Bega Group reports revenue of US$3.53B in its FY25

The Group achieved statutory earnings before interest, tax, depreciation and amortisation (EBITDA) of US$165.5 million.

AUSTRALIA – Bega group, a dairy manufacturer, has reported a revenue of US$3.54 billion compared to US$3.52 billion last year, delivering a strong normalised Group result.

A strong underlying financial performance was impacted by the restructuring costs of several transformational business improvement initiatives that position the Group exceptionally well for the future.

The normalised FY2025 EBITDA of US$202.0 million increased by US$37.9 million or 23% when compared to the prior period.

Normalised items in the current period include; the completed sale and exit of juice primary processing at Leeton NSW, the planned closure and consolidation of cheese packaging and processing capacities at Strathmerton, Victoria, into the Ridge Street facilities in Bega, NSW, and the impairment of plant and equipment associated with the announced closure of peanut processing operations in Kingaroy and Tolga in Queensland.

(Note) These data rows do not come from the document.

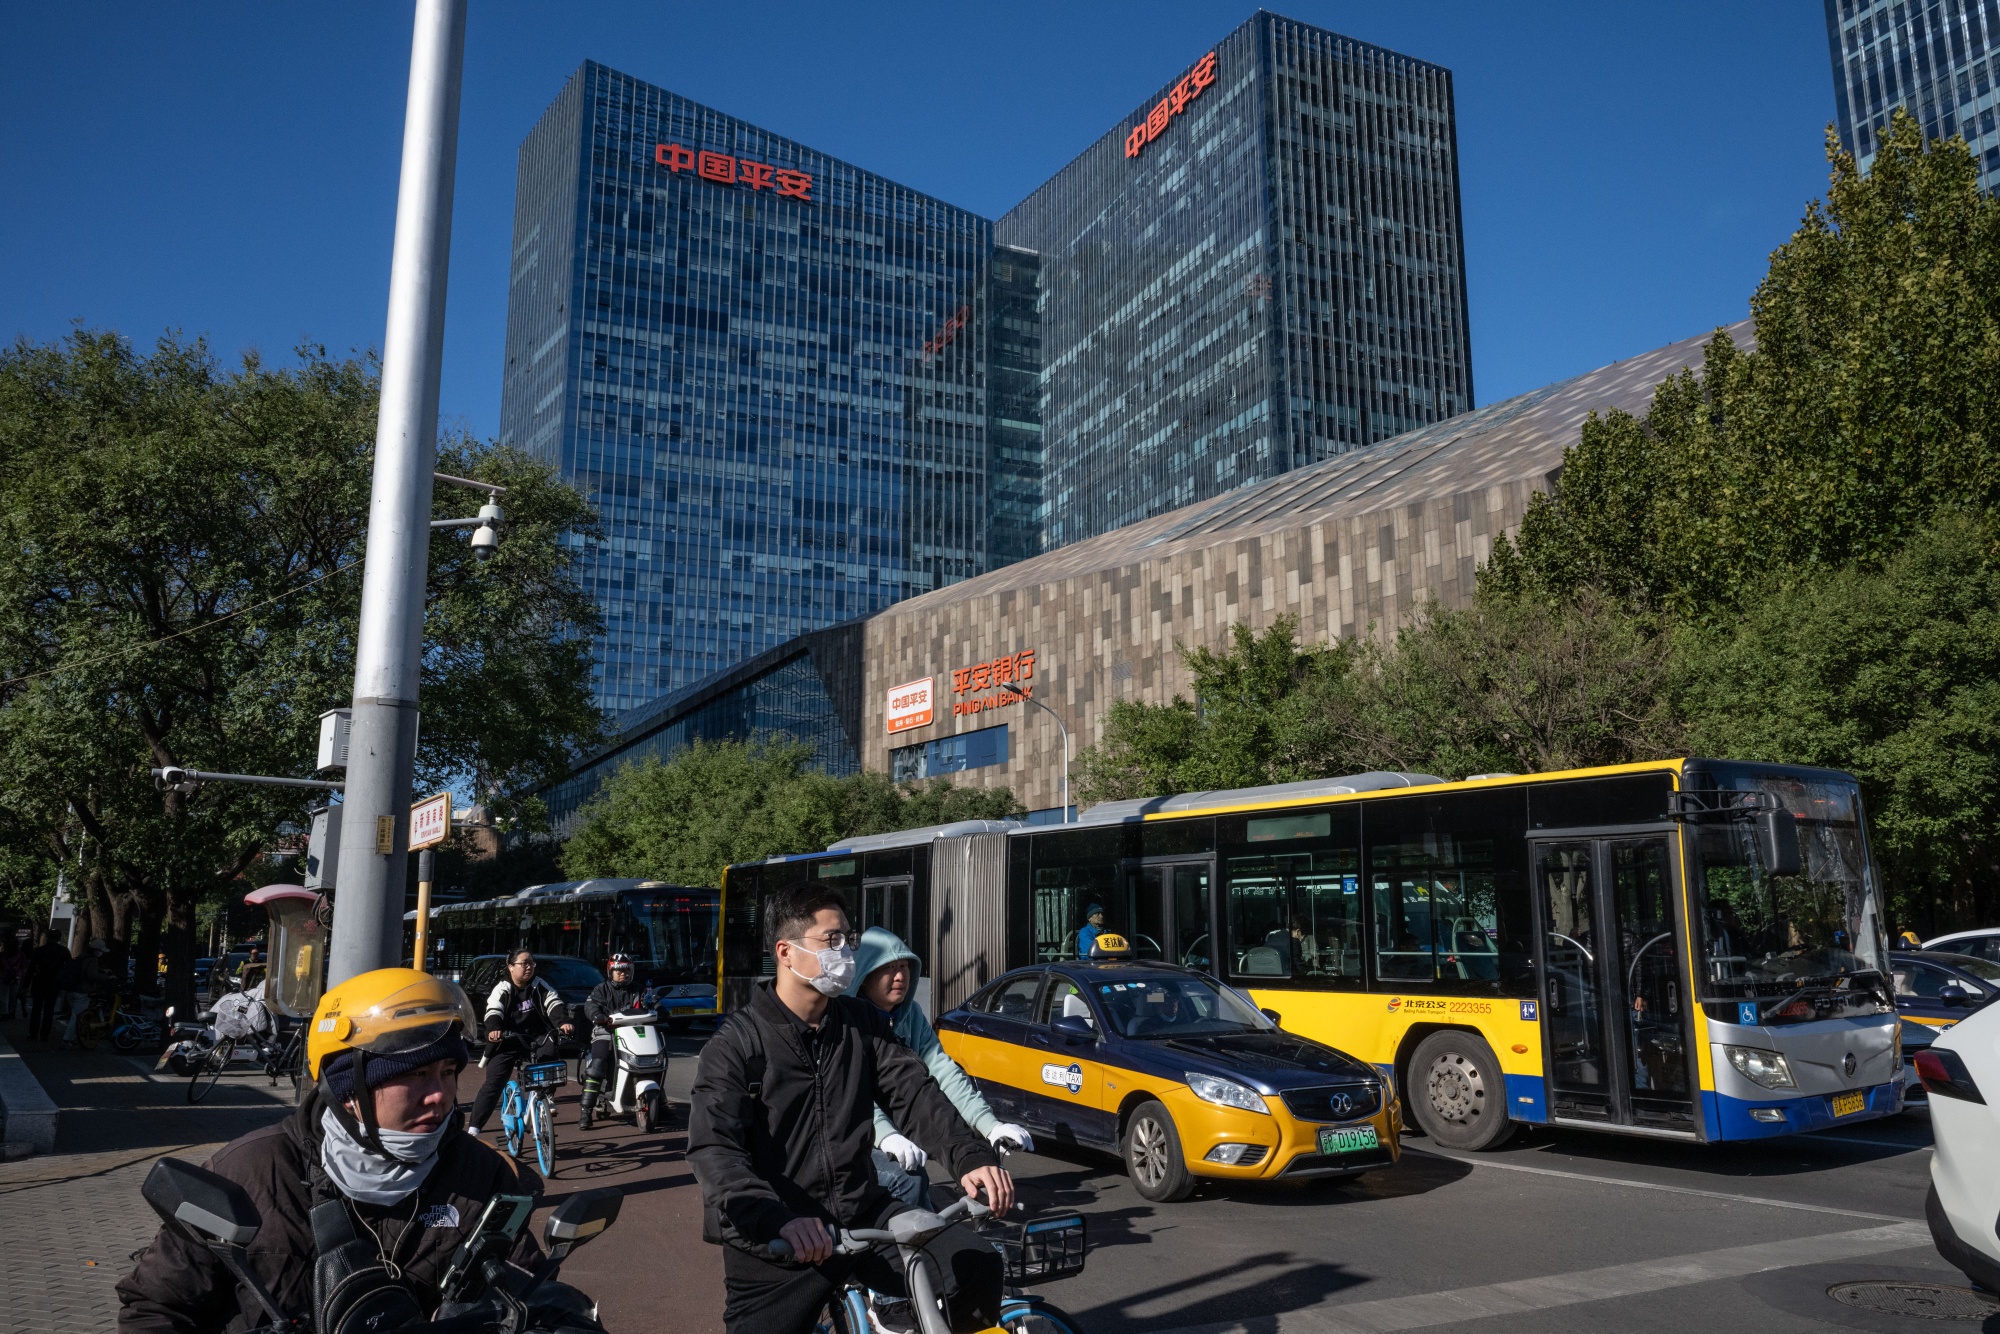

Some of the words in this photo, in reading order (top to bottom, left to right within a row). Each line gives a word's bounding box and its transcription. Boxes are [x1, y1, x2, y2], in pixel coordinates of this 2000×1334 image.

[1125, 51, 1215, 158] 中国平安
[655, 143, 813, 201] 中国平安
[952, 649, 1035, 696] 平安银行
[892, 689, 928, 711] 中国平安
[953, 698, 981, 718] PING
[982, 693, 999, 712] AN
[1001, 685, 1033, 707] BANK
[1404, 1000, 1447, 1009] 北京公交
[1449, 1002, 1492, 1014] 2223355
[1067, 1073, 1082, 1084] TAXI
[430, 1204, 447, 1213] THE
[418, 1212, 446, 1222] NORTH
[424, 1219, 446, 1228] FACE
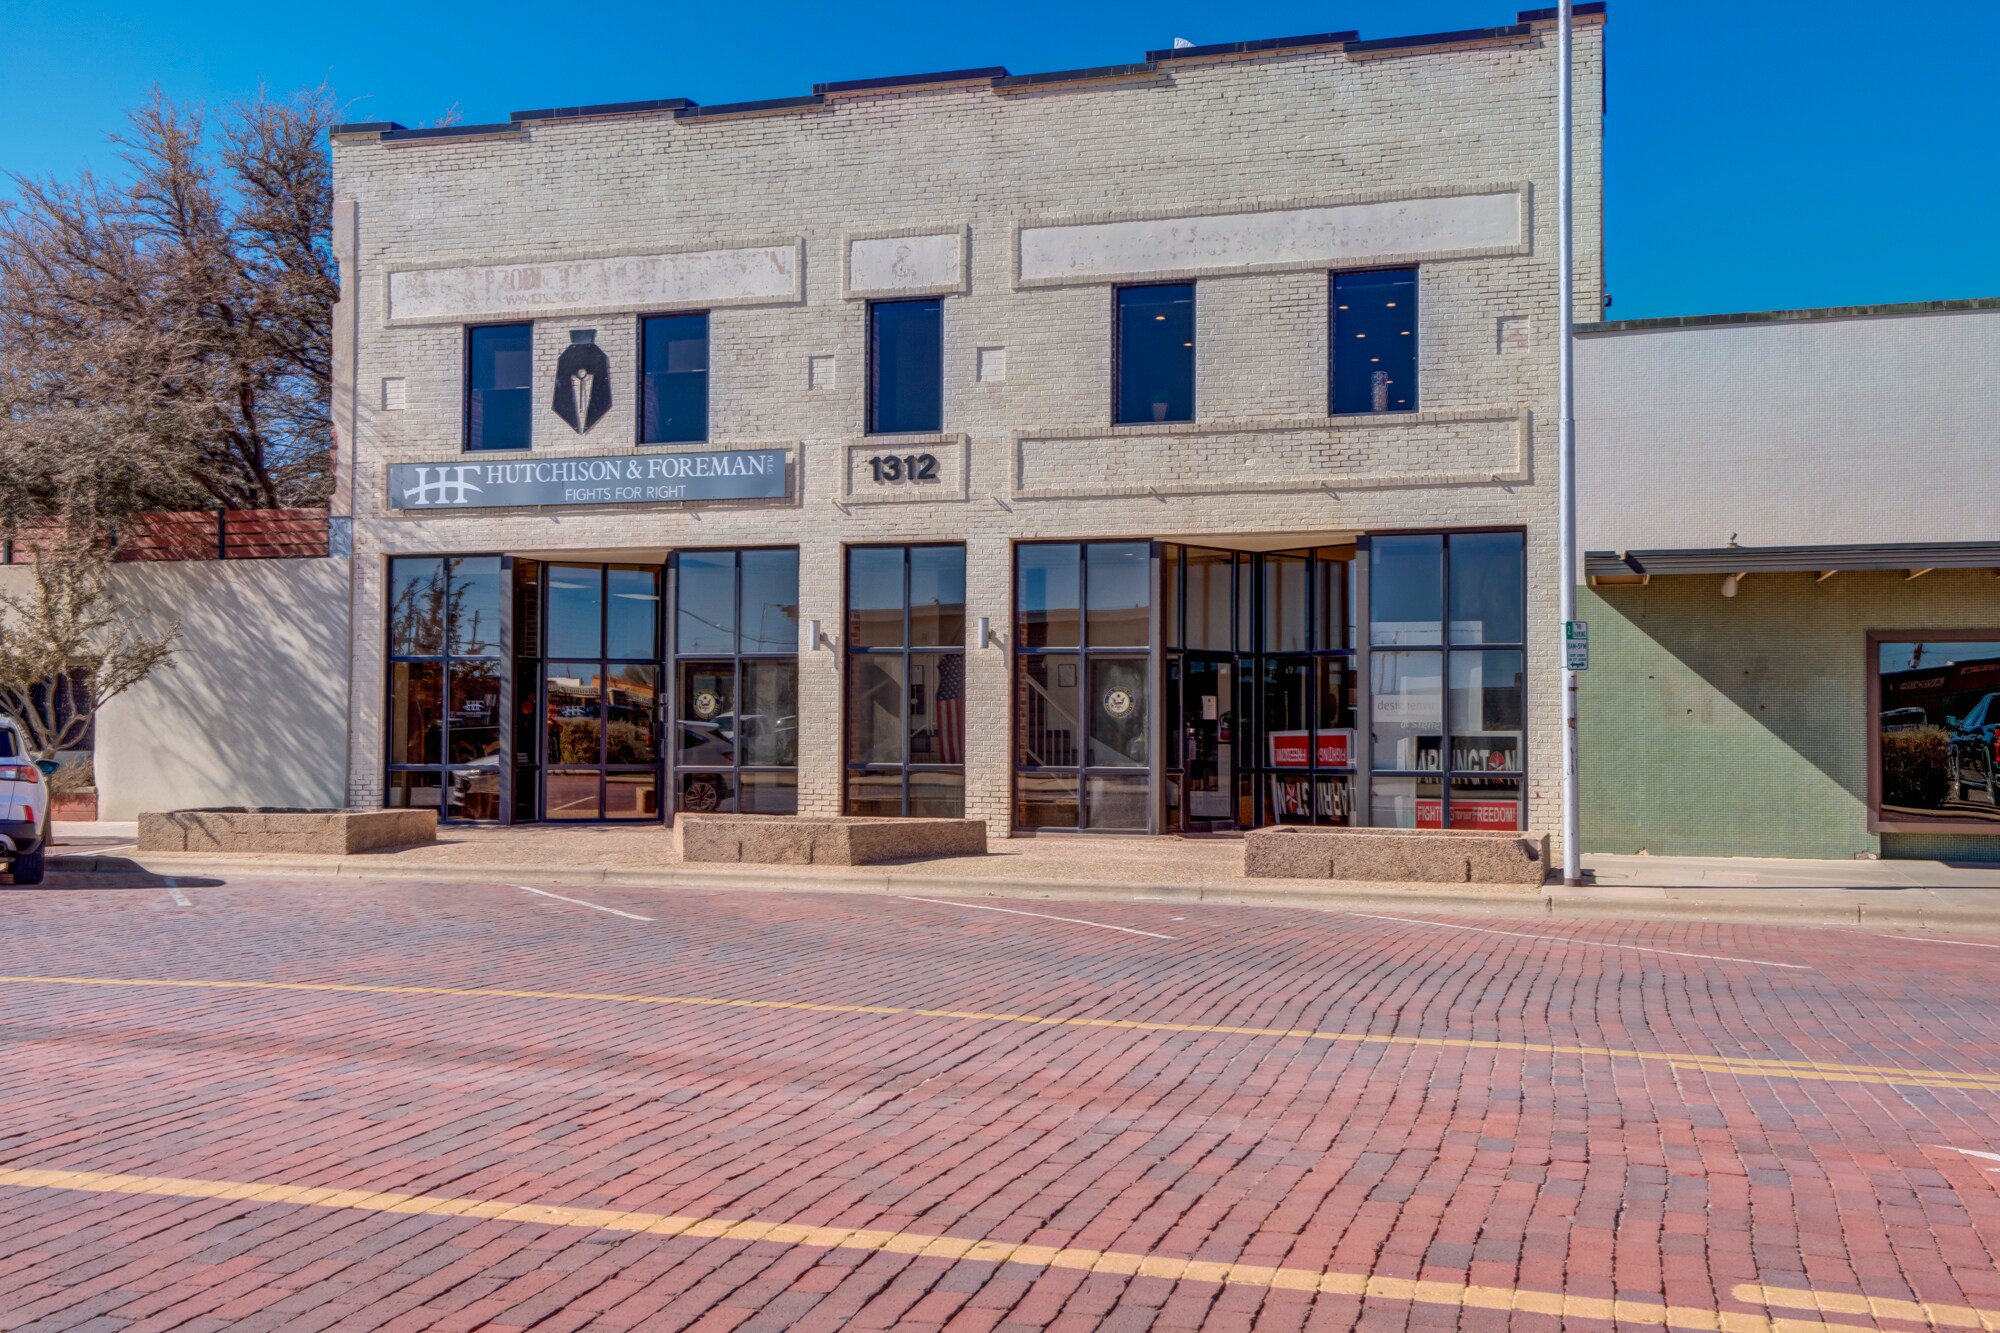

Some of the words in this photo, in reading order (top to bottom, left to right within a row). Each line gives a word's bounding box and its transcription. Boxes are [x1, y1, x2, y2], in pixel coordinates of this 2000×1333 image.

[485, 459, 622, 484] HUTCHISON
[626, 459, 643, 480] &
[647, 455, 766, 479] FOREMAN
[868, 453, 937, 482] 1312
[565, 487, 611, 501] FIGHTS
[615, 486, 642, 500] FOR
[646, 484, 686, 499] RIGHT

Operational highlights of the FY2025 result included: strong volume growth in branded white milk, yoghurt and spreads, the successful launch of branded high protein and ‘better for you’ products, execution of cost savings and continuous improvement programs.

Realignment of dairy commodities and farm gate milk prices, combined with a focus on higher value dairy commodities, returned the Bulk segment to profit, discipline on working capital optimisation, improved operating cashflow and a strong balance sheet with a leverage ratio of 0.8 times, led to the achieved results.

The Group maintained strong market share positions across key categories and continued to grow in foodservice and key Asian markets.

Continued focus on core categories, the success of our branded new product development pipeline, and the full year benefit of business restructuring contributed to the pleasing financial performance. Branded segment normalised EBITDA was US$205.2 million compared to US$199.9 million in the prior year.

The return to profit of the Bulk segment made an important contribution to the FY2025 result. Bulk segment EBITDA was a profit of US$38.7 million compared to an EBITDA loss of US$18.2 million in the prior year.

The Group had consolidated net debt of US$126.1 million as at 30 June 2025, compared to $ US$162.4 million as at 30 June 2024, a reduction of US$36.3 million.

The reduction in net debt was enabled primarily by an increase in operating profit (after adjusting for non-cash items) and a reduction in working capital.

The Group’s normalised EBITDA to net debt leverage ratio decreased from 1.3 times at the end of the prior fiscal year to 0.8 times at 30 June 2025.

Outlook

Subject to normal trading conditions, the Group expects continued growth in the Branded segment and stable returns in the Bulk segment.

The Group’s new product development pipeline will launch several exciting new products in FY2026, supporting further branded growth.

The manufacturing rationalisation initiatives announced are forecast to increase efficiency and effectiveness of the Branded segment and mitigate cost and overhead inflation towards the late stages of FY2026 with full year benefits being realised in FY2027.

The Group provides guidance of a normalised EBITDA in the range of US$215m to US$220m in FY2026.